These innovative tech-solutions are helping rid the world of pollution
You can likely list countless technologies that are designed to reduce their own waste. But how many do you know that reduce the waste of others?
While goals like “waste neutral” and “carbon zero” are crucial to ensuring today’s products and lifestyles aren’t leaving pollutants in our air and waterways, they don’t address the fact that our environments are already heavily polluted. As such, companies around the world are now rethinking existing technologies so they'll ideally minimize their ecological footprint while leaving their surroundings cleaner than they were found.
Cleaner air
The CityTree (right) – a vertical garden that began rolling out in major European cities in 2014 – has a bold claim to fame typical of the technology industry: it’s better than a normal tree, absorbing 275 times more pollution than its natural counterpart. However, as a structure that can be sat on while simultaneously cleaning the air through its moss-covered design, it doesn’t exist to replace trees.
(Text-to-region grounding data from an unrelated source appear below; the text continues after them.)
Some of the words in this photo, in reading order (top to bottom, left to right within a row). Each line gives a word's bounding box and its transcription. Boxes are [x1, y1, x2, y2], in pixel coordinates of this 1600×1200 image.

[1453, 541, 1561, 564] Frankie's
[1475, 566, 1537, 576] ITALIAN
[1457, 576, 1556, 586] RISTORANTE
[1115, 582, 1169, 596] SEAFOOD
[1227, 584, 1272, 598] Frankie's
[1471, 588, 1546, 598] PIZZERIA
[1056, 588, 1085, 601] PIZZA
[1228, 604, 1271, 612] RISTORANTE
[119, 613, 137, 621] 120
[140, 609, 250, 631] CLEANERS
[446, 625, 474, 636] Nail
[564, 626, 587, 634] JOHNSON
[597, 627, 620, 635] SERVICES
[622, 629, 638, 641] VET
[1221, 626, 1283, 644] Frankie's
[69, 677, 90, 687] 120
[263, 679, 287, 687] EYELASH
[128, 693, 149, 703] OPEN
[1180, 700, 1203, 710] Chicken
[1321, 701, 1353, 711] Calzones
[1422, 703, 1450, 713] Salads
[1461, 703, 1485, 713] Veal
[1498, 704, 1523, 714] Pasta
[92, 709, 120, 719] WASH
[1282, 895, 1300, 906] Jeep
We shouldn't limit this sort to thinking to static objects. In 2017, Chinese bike-sharing giant Ofo teamed up with Dutch innovation lab Studio Roosegarde to bring pollutant-extracting technology to its two-wheelers, resulting in a “smog-free bike” with a mounted air filter. Beyond bikes, in 2018 the Bluestar bus was tested in Southampton, UK, which captured fine pollutant particles in the air while being driven, and pushed out clean air behind it.
Cleaner waters
We might not be having much success pulling trash out of the ocean yet, but Baltimore is already doing the next best thing. The city’s humorously named Mr. Trash Wheel removes litter and debris from the local harbor, preventing it from making its way into the Atlantic.
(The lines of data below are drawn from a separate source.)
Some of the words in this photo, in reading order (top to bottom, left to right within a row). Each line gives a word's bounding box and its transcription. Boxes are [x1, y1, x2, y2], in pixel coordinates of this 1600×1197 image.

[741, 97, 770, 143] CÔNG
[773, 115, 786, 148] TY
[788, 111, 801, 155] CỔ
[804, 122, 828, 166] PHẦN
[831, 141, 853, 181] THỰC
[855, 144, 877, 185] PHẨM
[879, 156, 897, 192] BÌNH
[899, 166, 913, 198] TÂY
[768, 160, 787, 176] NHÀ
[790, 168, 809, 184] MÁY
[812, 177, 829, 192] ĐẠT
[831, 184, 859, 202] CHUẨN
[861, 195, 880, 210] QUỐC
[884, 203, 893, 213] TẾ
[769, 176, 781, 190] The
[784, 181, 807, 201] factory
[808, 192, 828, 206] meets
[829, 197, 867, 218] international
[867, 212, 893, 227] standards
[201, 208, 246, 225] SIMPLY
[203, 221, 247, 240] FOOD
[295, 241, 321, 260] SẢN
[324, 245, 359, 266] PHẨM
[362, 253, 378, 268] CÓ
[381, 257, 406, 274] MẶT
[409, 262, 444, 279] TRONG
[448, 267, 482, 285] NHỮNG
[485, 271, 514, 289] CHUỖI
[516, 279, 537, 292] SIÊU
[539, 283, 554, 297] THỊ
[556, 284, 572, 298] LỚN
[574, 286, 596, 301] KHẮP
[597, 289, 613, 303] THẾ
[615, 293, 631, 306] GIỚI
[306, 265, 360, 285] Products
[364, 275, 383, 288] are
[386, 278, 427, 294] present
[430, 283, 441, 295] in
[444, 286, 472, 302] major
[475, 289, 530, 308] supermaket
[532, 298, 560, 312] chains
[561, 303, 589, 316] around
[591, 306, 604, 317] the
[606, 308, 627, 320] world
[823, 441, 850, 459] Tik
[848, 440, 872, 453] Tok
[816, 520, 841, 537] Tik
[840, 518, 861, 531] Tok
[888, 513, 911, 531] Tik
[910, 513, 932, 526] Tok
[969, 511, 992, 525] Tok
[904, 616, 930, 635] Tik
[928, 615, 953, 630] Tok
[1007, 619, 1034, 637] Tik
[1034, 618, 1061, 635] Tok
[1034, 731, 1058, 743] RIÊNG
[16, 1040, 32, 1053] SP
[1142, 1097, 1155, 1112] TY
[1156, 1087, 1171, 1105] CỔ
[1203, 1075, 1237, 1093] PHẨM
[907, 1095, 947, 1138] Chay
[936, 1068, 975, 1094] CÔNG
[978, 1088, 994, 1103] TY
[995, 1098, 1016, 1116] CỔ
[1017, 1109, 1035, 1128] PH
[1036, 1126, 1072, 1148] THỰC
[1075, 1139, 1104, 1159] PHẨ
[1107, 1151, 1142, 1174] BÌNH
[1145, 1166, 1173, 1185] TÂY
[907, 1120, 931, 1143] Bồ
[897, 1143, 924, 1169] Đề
Photo credit: Barbara Haddock Taylor / Baltimore Sun
The system operates like any water wheel, using the energy generated from the Jones Falls River current to draw garbage into a dumpster (and in case the flow is too gentle, solar panels provide extra motion). Since its introduction in 2014, 1.5 million pounds of waste have been retrieved, and its success has led to the development of additional trash wheels in the city.
Cleaner… orbit?
It isn’t just the skies and seas that are polluted – there are millions of human-made objects orbiting Earth, some as small as specks of paint and others weighing as much as 8,000 tons. And because these objects can be hurtling at over 17,000 miles per hour, they pose a significant risk to astronomers and active satellites.
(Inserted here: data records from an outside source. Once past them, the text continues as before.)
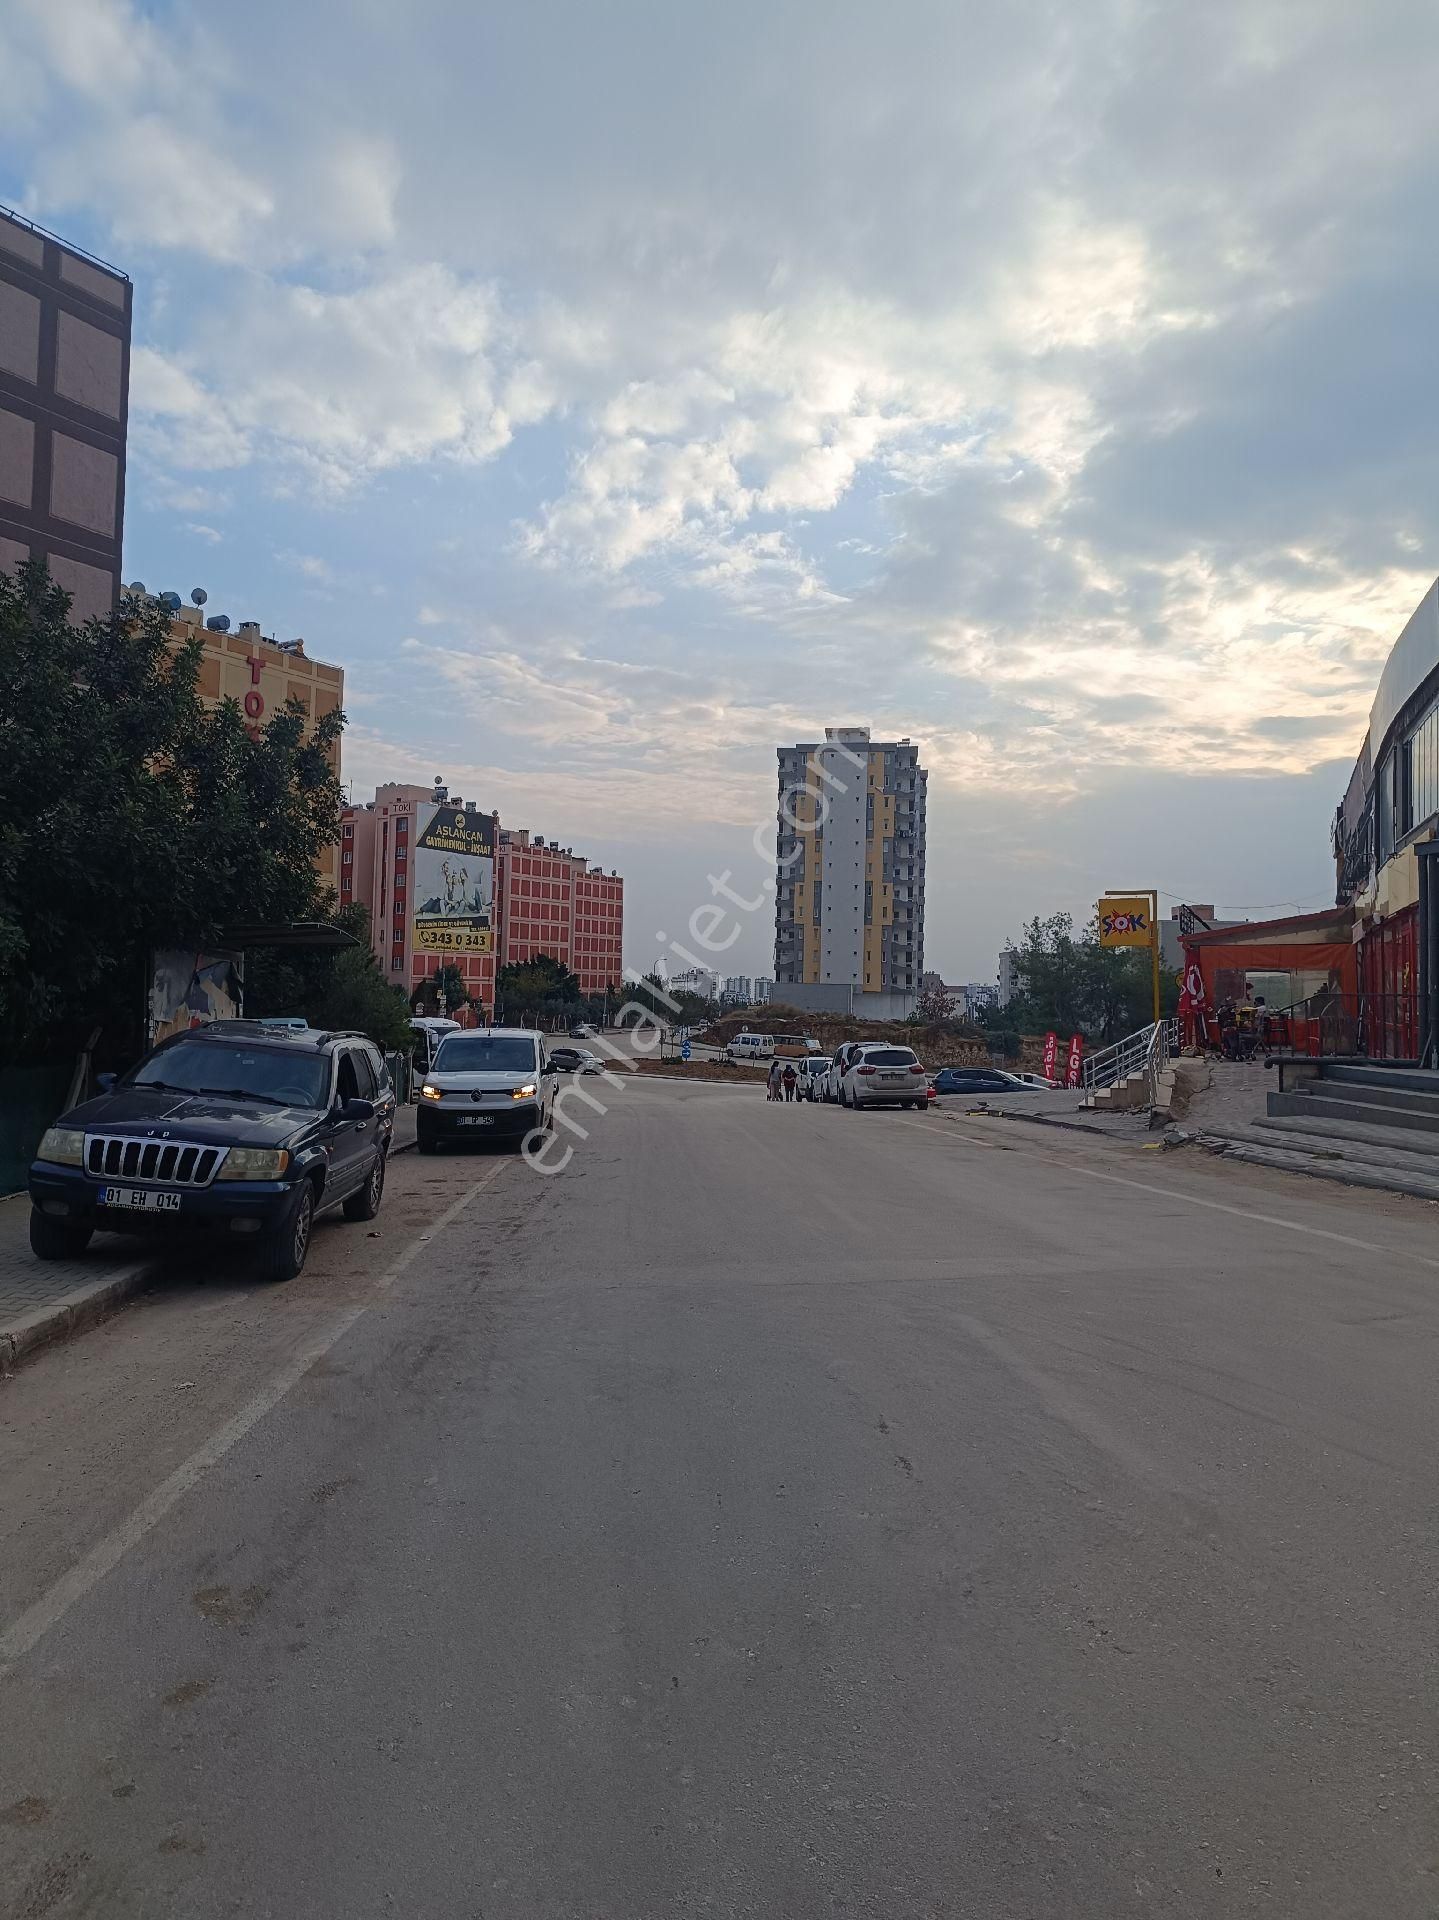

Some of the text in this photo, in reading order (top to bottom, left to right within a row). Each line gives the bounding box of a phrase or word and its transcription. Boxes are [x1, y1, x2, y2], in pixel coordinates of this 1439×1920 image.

[436, 825, 483, 842] ASLANCAN
[1102, 912, 1148, 938] ŞOK
[430, 932, 486, 945] 343 0 343
[107, 1188, 122, 1202] 01
[131, 1191, 147, 1206] EH
[156, 1193, 179, 1209] 014
RemoveDebris, a satellite built at the University of Surrey, aims to solve this issue with a built-in net and harpoon. While it is literally rocket science, it isn’t too hard to imagine how it works: the net can capture significant amounts of waste, and the harpoon can spear large objects. The satellite can then drag the space junk into Earth’s atmosphere where it’ll safely disintegrate. While its 2018 launch served only as a proof-of-concept, there’s hope that it can lead to low orbit garbage recovery missions.
Whether under the sea or 1,200 miles above Earth, there’s still a long way to go toward dealing with pollution. But as bright minds are proving, there are many ways we can adapt existing technologies to make our world a cleaner place.